From Queens Tribune:
On April 22, Council Speaker Christine Quinn (D-Manhattan), Councilman James Gennaro (D-Fresh Meadows), Department of Health and Mental Hygiene Commissioner Dr. Thomas Farley and various health advocacy organizations announced that the City Council will be taking up legislation to increase the minimum smoking age from 18 to 21 in New York City.
According to the press release, 80 percent of smokers in New York start before they turn 21. By raising the purchase age to 21, the chances of young people buying tobacco products themselves or having an older friend buy them greatly decreases. It also states that there is evidence that those who smoke at an earlier age are more likely to develop a strong addiction to nicotine than those who start at an older age. The legislation would also make enforcement of the age restriction easier as many New York State drivers’ licenses already indicate when its owner is younger than 21 years old.
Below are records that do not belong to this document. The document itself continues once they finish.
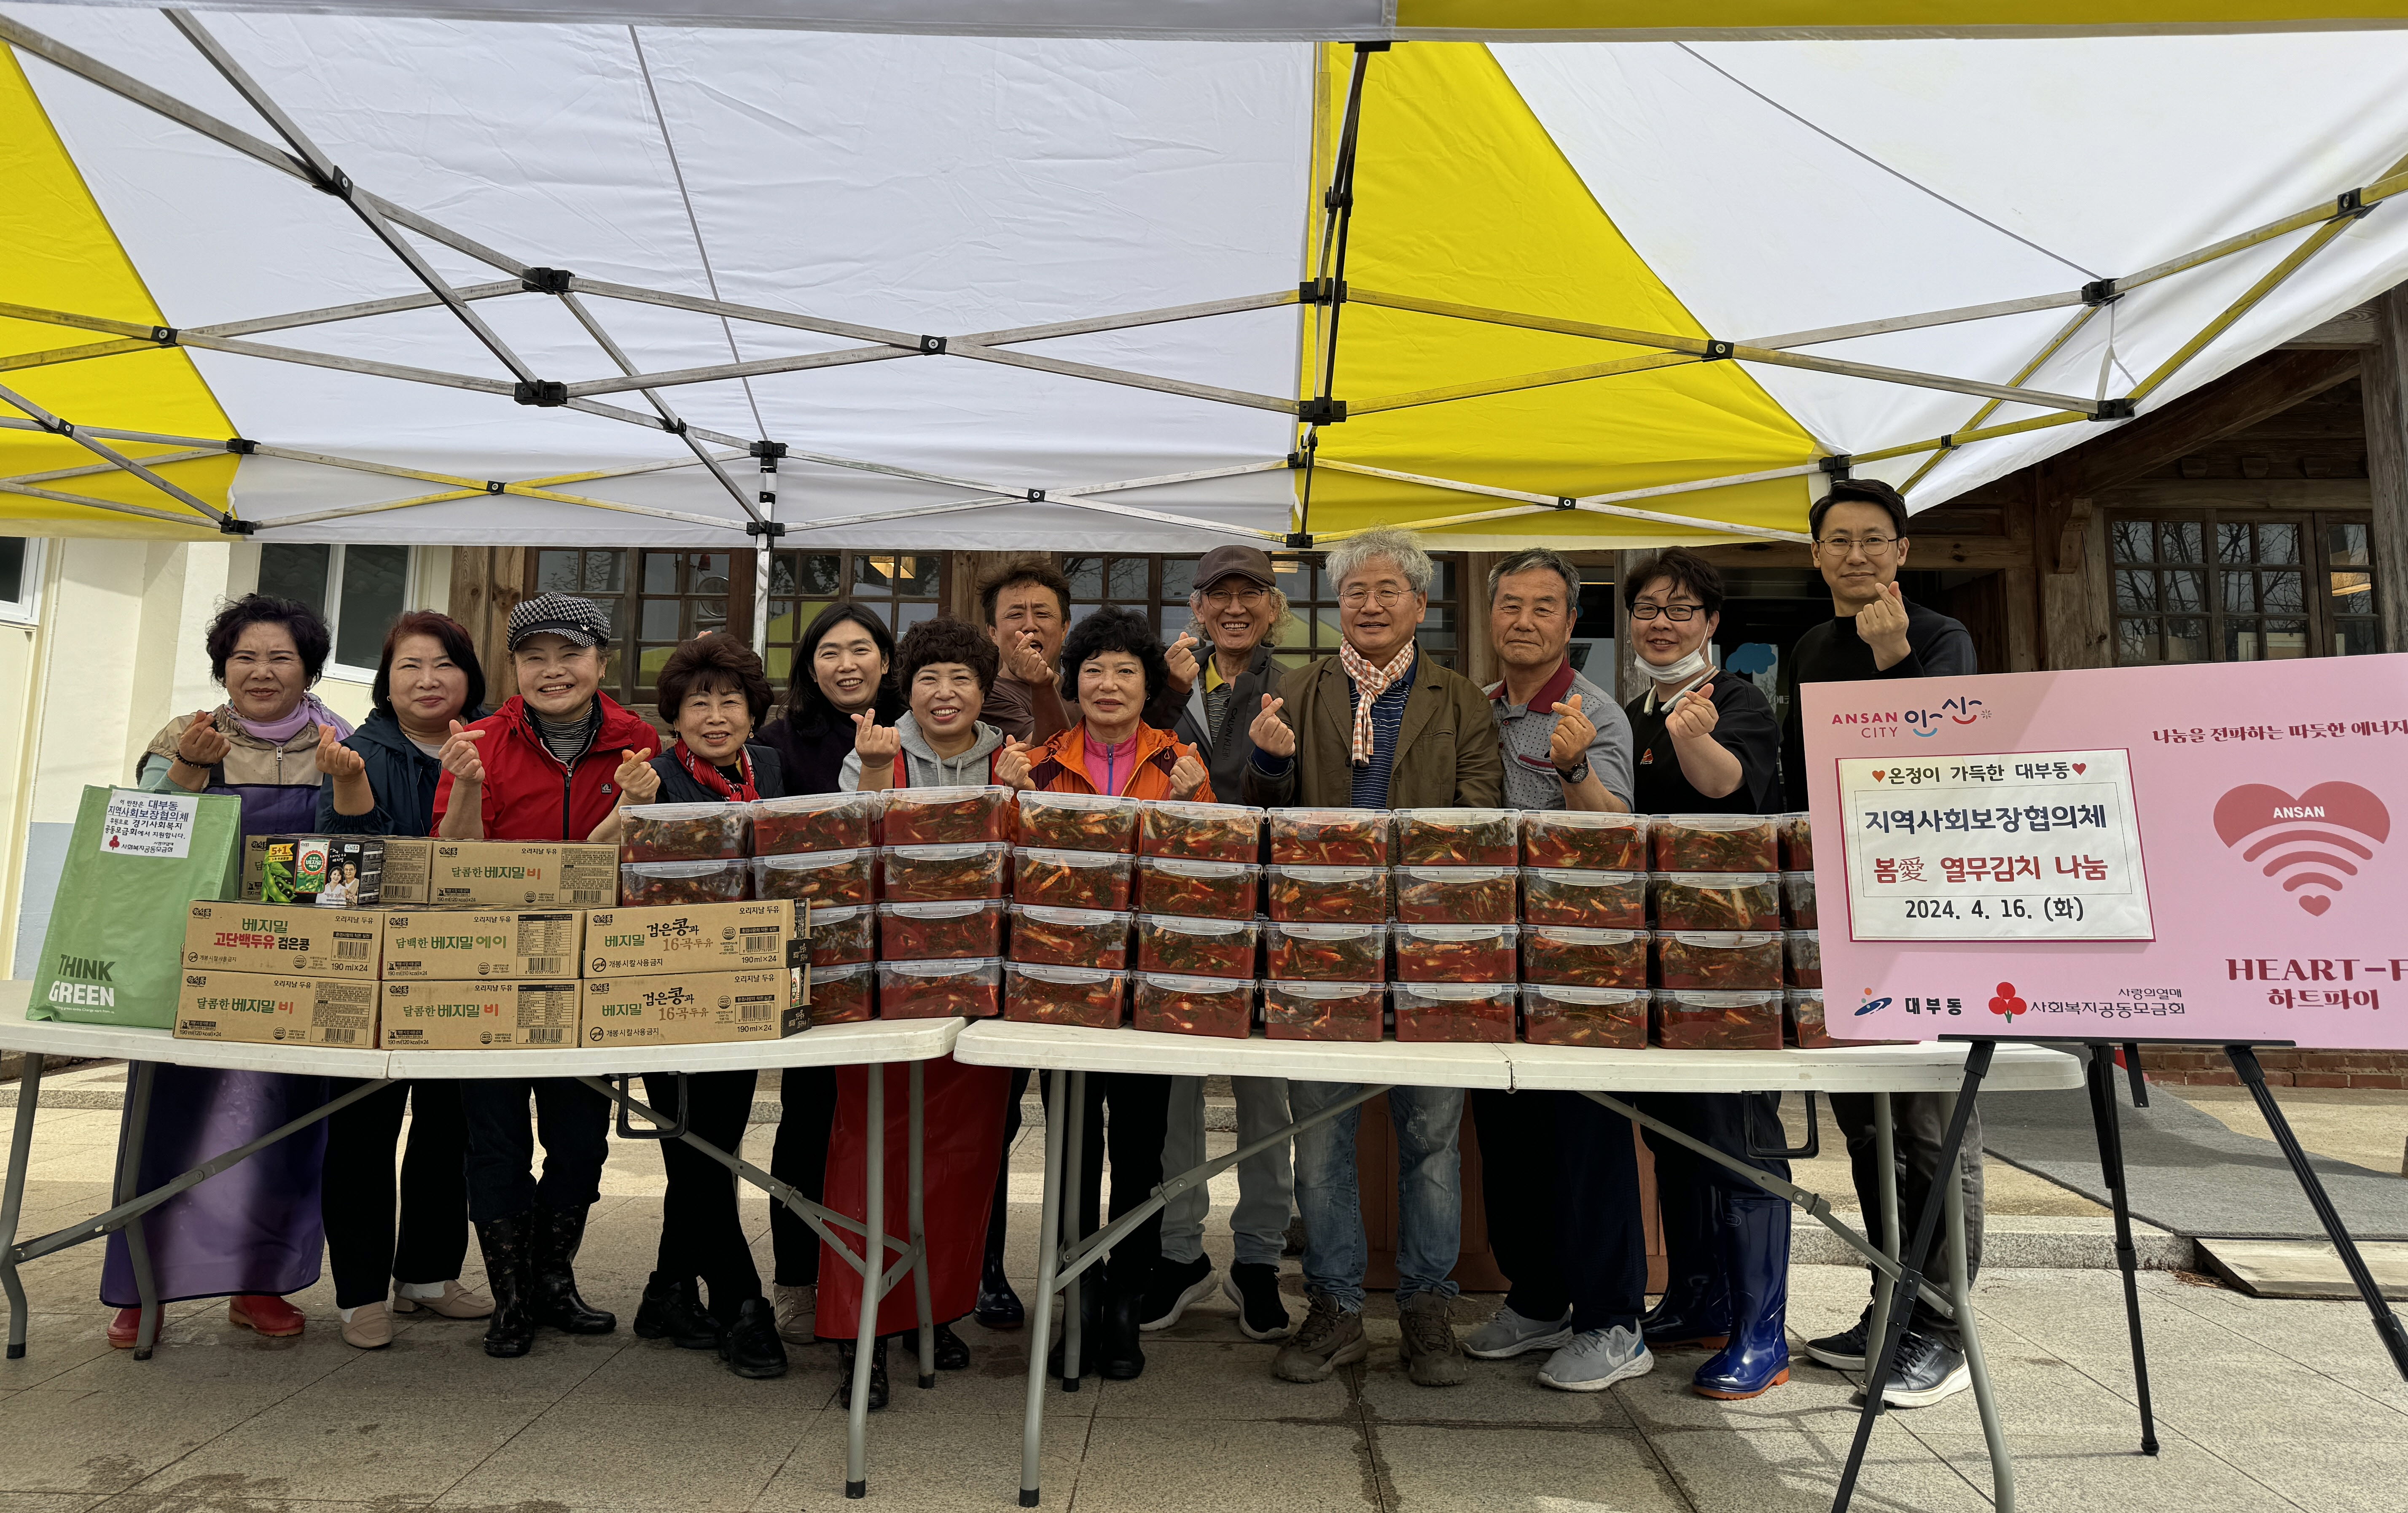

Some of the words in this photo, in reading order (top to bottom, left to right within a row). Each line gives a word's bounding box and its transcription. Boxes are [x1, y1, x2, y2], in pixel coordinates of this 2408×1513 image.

[1224, 707, 1238, 738] CALVIN
[1832, 712, 1897, 724] ANSAN
[1861, 727, 1898, 738] CITY
[2152, 728, 2206, 744] 나눔을
[2210, 725, 2284, 742] 전파하는
[2288, 722, 2347, 739] 따듯한
[2351, 719, 2408, 736] 에너지
[1221, 738, 1232, 761] KLEIN
[1889, 767, 1940, 785] 온정이
[1951, 764, 2005, 782] 가득한
[2016, 762, 2070, 780] 대부동
[148, 800, 178, 810] 대부동
[2273, 806, 2325, 818] ANSAN
[108, 805, 189, 821] 지역사회보장협의체
[1865, 804, 2107, 835] 지역사회보장협의체
[105, 825, 150, 837] 공동모금회에서
[133, 819, 182, 830] 경기사회복지
[271, 845, 290, 855] 5+1
[452, 867, 483, 878] 달콤한
[484, 867, 525, 879] 베지밀
[527, 868, 541, 880] 비
[1873, 856, 1928, 883] 봄愛
[1940, 855, 2041, 883] 열무김치
[2055, 854, 2108, 880] 나눔
[739, 906, 765, 915] 오리지날
[766, 905, 779, 914] 두유
[1905, 899, 1960, 920] 2024.
[1971, 899, 1989, 919] 4.
[2001, 899, 2032, 919] 16.
[2044, 896, 2084, 922] (화)
[242, 918, 288, 934] 베지밀
[334, 915, 360, 923] 오리지날
[646, 918, 699, 937] 검은콩과
[213, 932, 275, 949] 고단백두유
[278, 937, 310, 951] 검은콩
[395, 937, 428, 949] 담백한
[430, 936, 473, 949] 베지밀
[476, 935, 506, 949] 에이
[605, 934, 645, 947] 베지밀
[58, 954, 116, 982] THINK
[331, 963, 344, 971] 190
[274, 980, 298, 988] 오리지날
[734, 975, 760, 983] 오리지날
[48, 980, 114, 1007] GREEN
[642, 987, 695, 1006] 검은콩과
[2118, 988, 2182, 1000] 사랑의열매
[2266, 988, 2379, 1010] 하트파이
[197, 997, 230, 1010] 달콤한
[232, 998, 276, 1014] 베지밀
[278, 1001, 294, 1015] 비
[403, 1005, 436, 1017] 달콤한
[438, 1004, 480, 1018] 베지밀
[484, 1003, 499, 1017] 비
[602, 1003, 642, 1017] 베지밀
[1904, 997, 1962, 1015] 대부동
[2030, 1001, 2185, 1019] 사회복지공동모금회
[646, 1027, 659, 1035] 금지
While business owners and leaders agree with the idea of decreasing the smoking rate, they feel that the council is going about it in the wrong way.
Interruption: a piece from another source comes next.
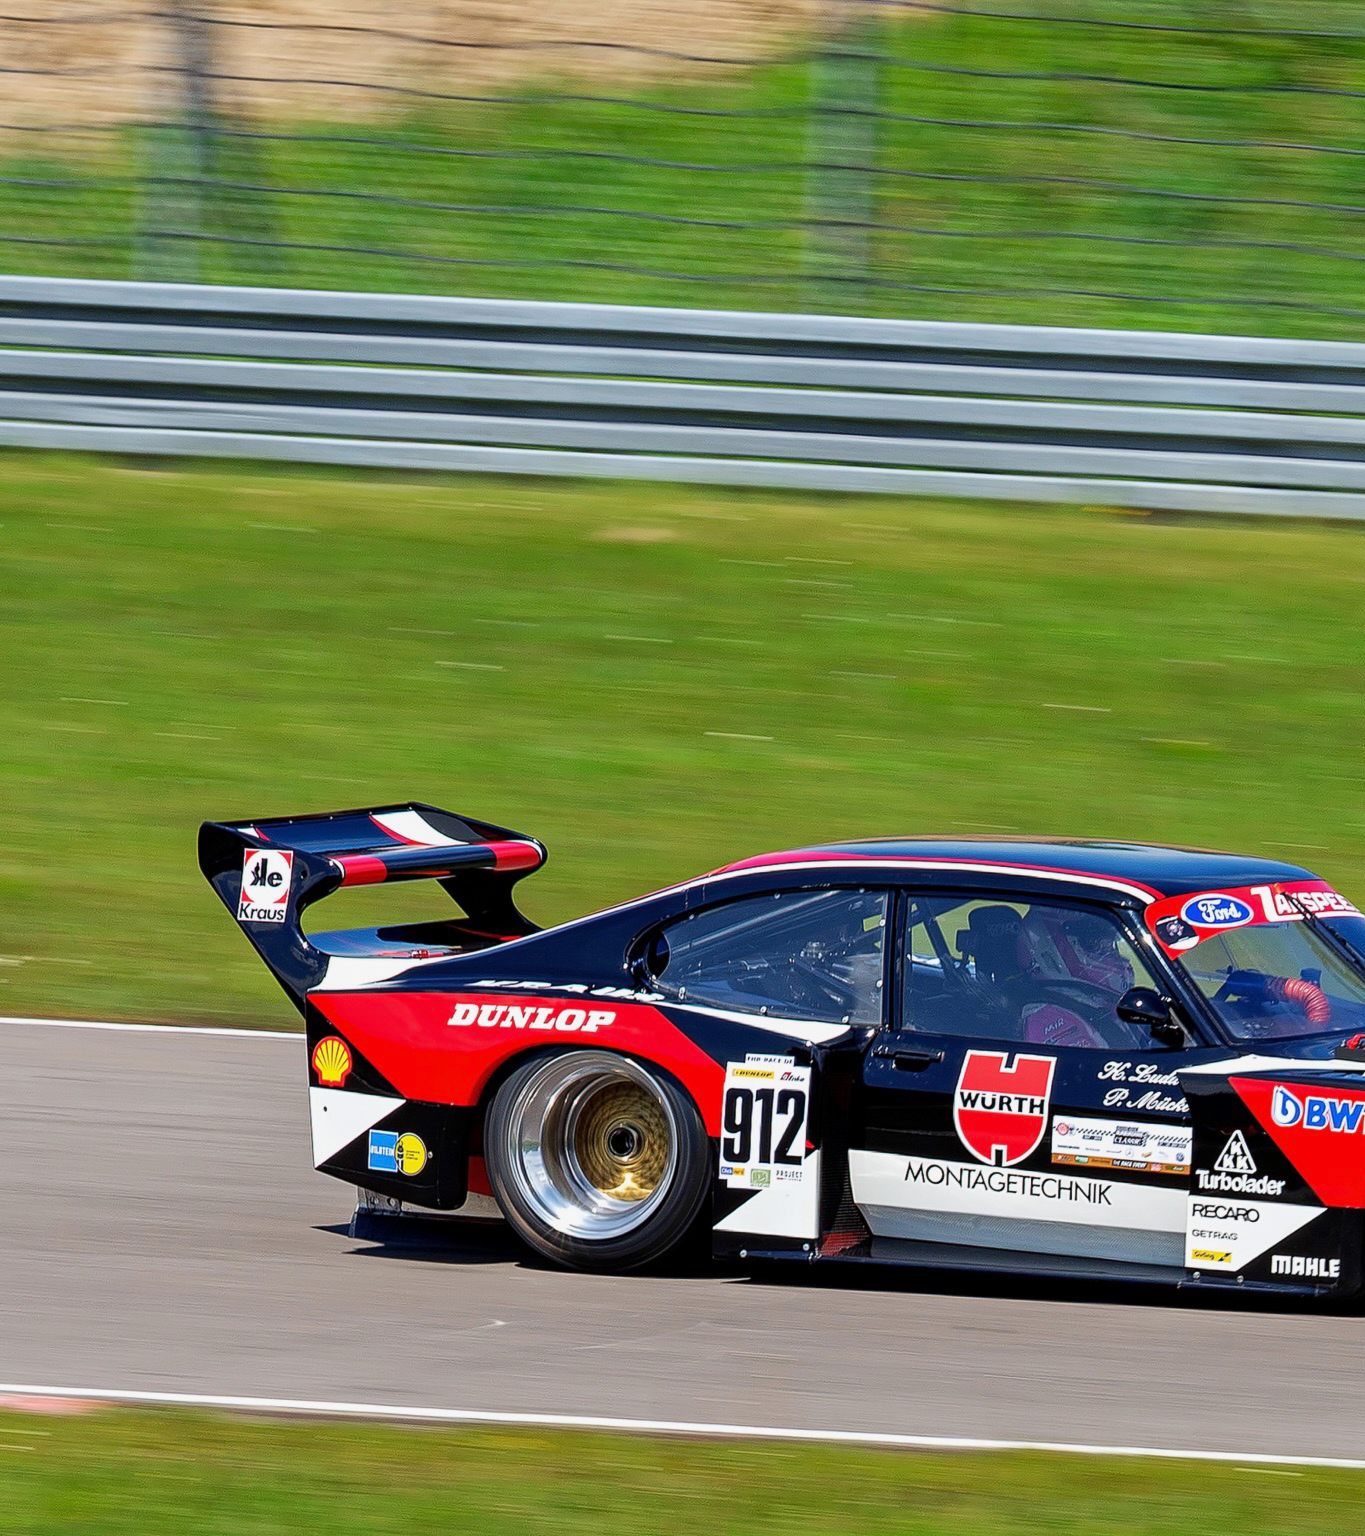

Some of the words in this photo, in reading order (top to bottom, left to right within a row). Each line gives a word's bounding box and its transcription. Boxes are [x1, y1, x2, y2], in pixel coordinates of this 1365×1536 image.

“Raising the cigarettes smoking age from 18 to 21 does nothing in terms of consumption. The problem is when you raise it to 21; you’re fueling the black market even more. The black market for cigarettes is tremendous already,” Brad Gerstman, spokesperson for the New York Association of Grocery Stores, said.
Gerstman added that the legislation would hurt sales not due to a decrease in tobacco products sold, but due to a decrease in sales for other products when customers do not come by to buy cigarettes.
“Cigarettes don’t make retailers any money. When people come for cigarettes, they buy other items,” he said.
Raj Sawlani of Bayside Smoke Shop also felt the restrictions would hurt businesses, especially those close to Long Island, using the banned flavored tobacco products as an example.
“A lot of the people that smoke flavored cigars, all they have to do is drive five minutes away to Long Island,” he said.
Many feel the potential health benefits make the legislation a must. “It’s a great idea,” Phil Konigsberg, Community Board 7 member, said. “One thing I’ve certainly noticed is that the only way to keep the tobacco industry going is to get a replacement smoker. The main focus of that is the teenage smoker.”
“Our economy can only grow with healthy citizens, so we support the legislation,” Queens Economic Development Corporation Executive Director Seth Bornstein said.
“By delaying our city’s children and young adults access to lethal tobacco products, we’re decreasing the likelihood they ever start smoking,” said Quinn in a statement.
“By raising the legal purchase age to 21, we will prevent a generation of New Yorkers from becoming addicted to smoking and ultimately save thousands of lives,” said Farley.
“This proposal would take cigarettes and other tobacco products out of the equation for high school and younger college students during a time when they should be cultivating the healthy habits that will last them a lifetime,” Gennaro said.
Dr. Jack Mann, a pulmonologist at New York Hospital Queens, felt education would be more helpful to stop smoking than more laws.
“I’m skeptical that raising the limit to 21 is really going to be effective,” he said. “We need less laws and more education. Education is the key to everything.” If the bill passes, New York would be the first major city in the United States to have a smoking age above 19 years.